§ Exercise instructions: Please print every record below exactly as written, leaving out the pictures.

[Stored data entries]
◇ ◇ ◇ ◇ ◇ ◇ ◇
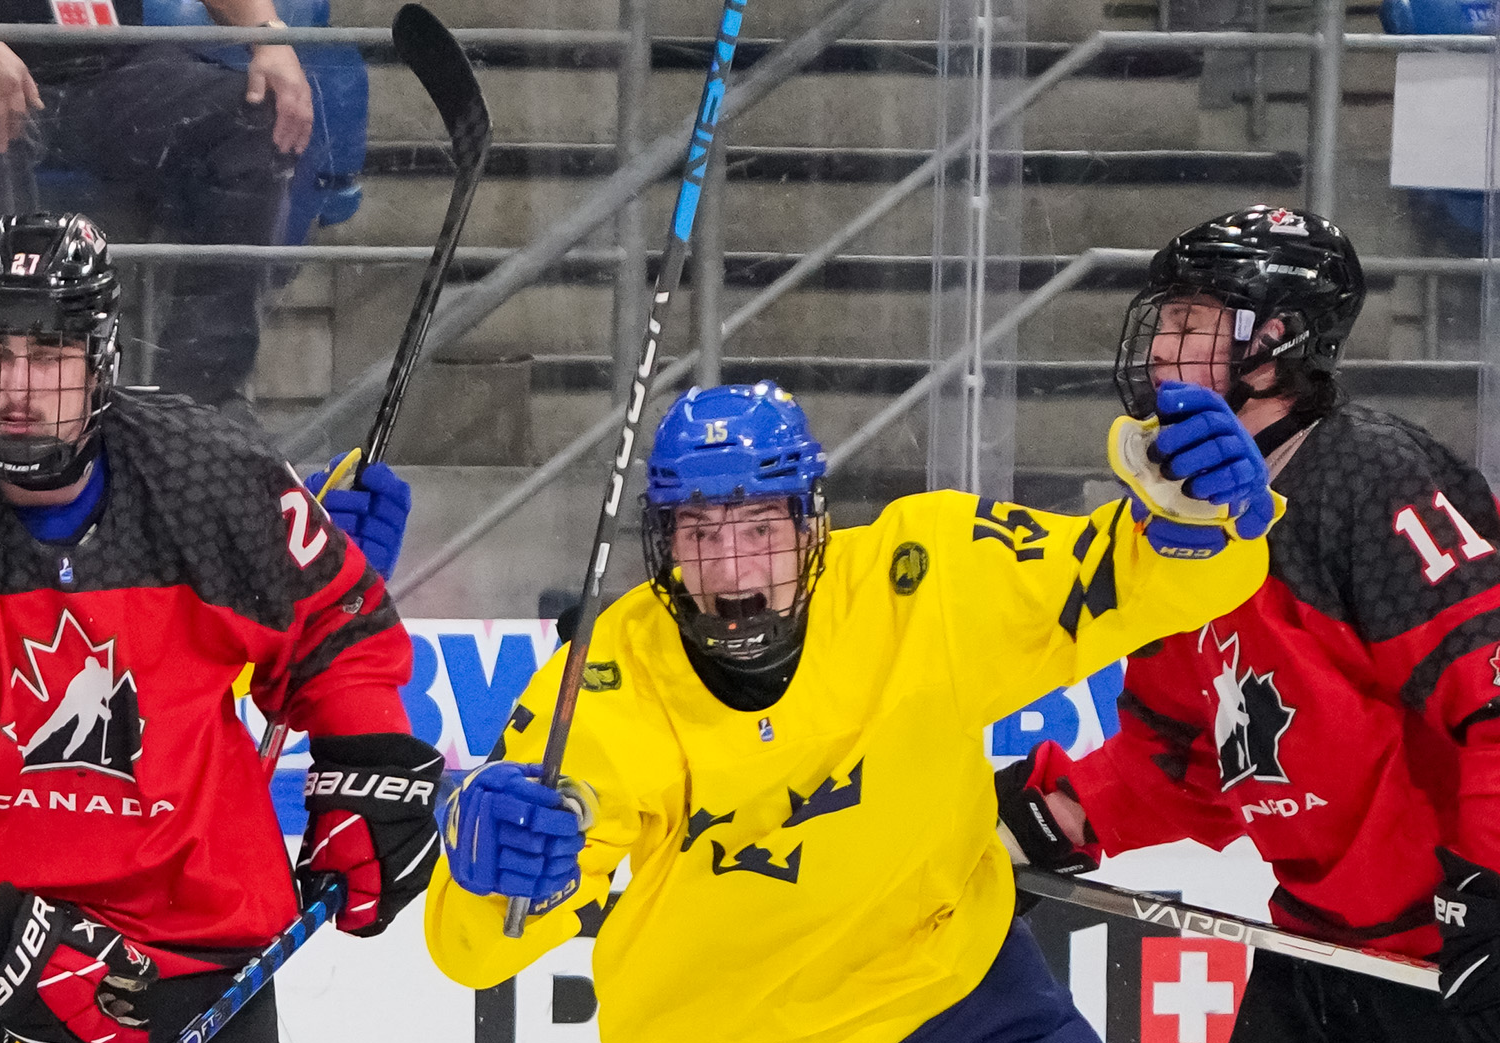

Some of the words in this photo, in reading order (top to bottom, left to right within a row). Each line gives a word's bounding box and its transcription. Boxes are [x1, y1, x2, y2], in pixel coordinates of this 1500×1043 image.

[10, 252, 41, 276] 27
[703, 420, 729, 444] 15
[1395, 491, 1496, 585] 11
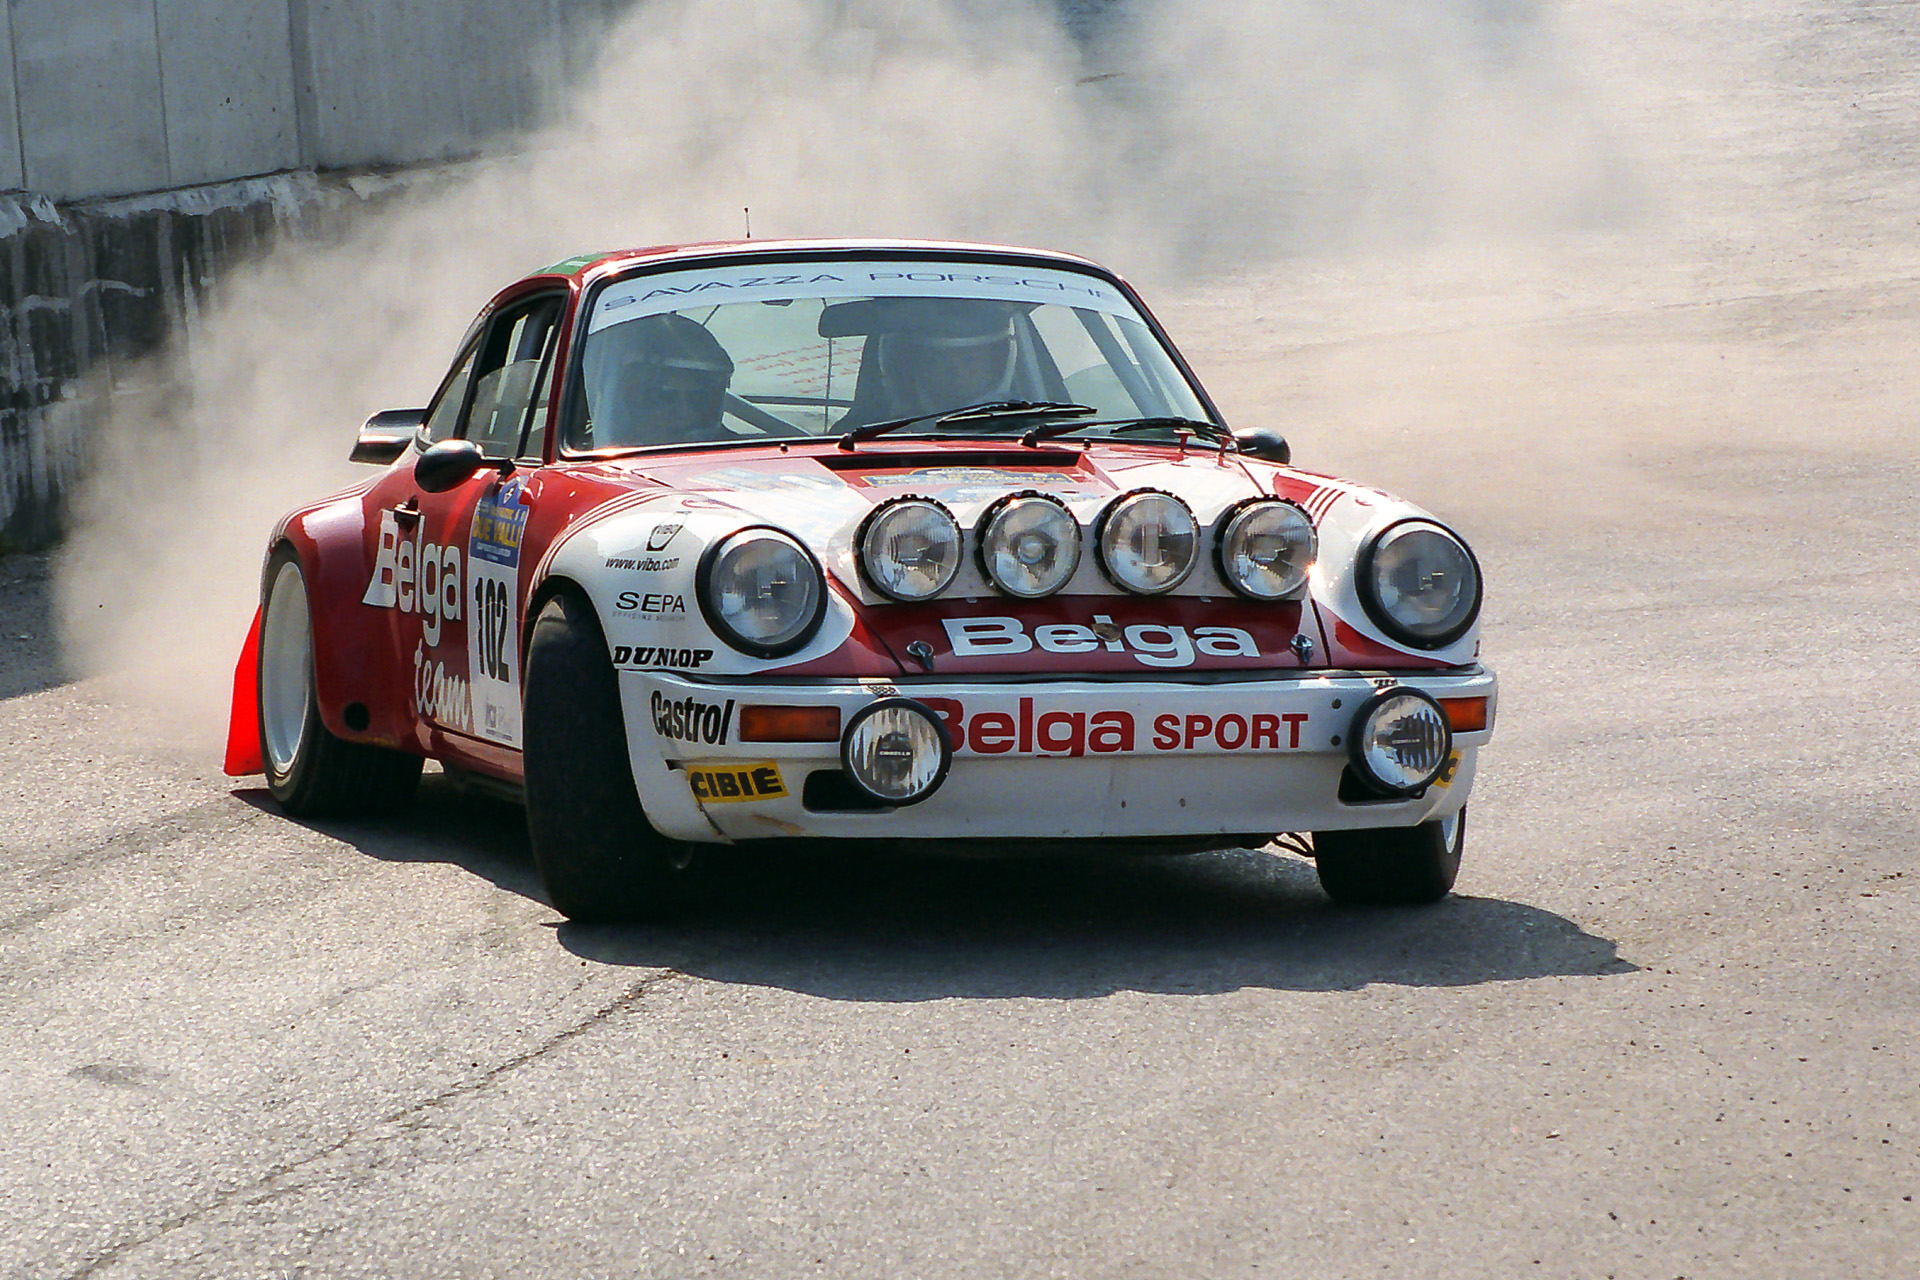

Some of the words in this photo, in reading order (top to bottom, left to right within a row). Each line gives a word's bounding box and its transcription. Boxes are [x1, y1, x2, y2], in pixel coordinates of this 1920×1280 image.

[604, 274, 844, 311] SAVAZZA
[362, 509, 462, 647] Belga
[605, 556, 680, 572] www.vibo.com
[615, 591, 686, 613] SEPA
[474, 576, 510, 684] 102
[613, 645, 713, 668] DUNLOP
[941, 615, 1260, 667] Belga
[414, 638, 470, 732] team
[650, 690, 735, 746] Castrol
[910, 697, 1135, 757] Belga
[1152, 713, 1309, 750] SPORT
◇ ◇ ◇ ◇ ◇ ◇ ◇
§ Task result:
Some of the words in this photo, in reading order (top to bottom, left to right within a row). Each line gives a word's bounding box and its transcription. Boxes are [x1, y1, x2, y2], in pixel coordinates of this 1500×1043 image.

[10, 252, 41, 276] 27
[703, 420, 729, 444] 15
[1395, 491, 1496, 585] 11

Some of the words in this photo, in reading order (top to bottom, left to right within a row). Each line gives a word's bounding box and its transcription. Boxes are [x1, y1, x2, y2], in pixel coordinates of this 1920×1280 image.

[604, 274, 844, 311] SAVAZZA
[362, 509, 462, 647] Belga
[605, 556, 680, 572] www.vibo.com
[615, 591, 686, 613] SEPA
[474, 576, 510, 684] 102
[613, 645, 713, 668] DUNLOP
[941, 615, 1260, 667] Belga
[414, 638, 470, 732] team
[650, 690, 735, 746] Castrol
[910, 697, 1135, 757] Belga
[1152, 713, 1309, 750] SPORT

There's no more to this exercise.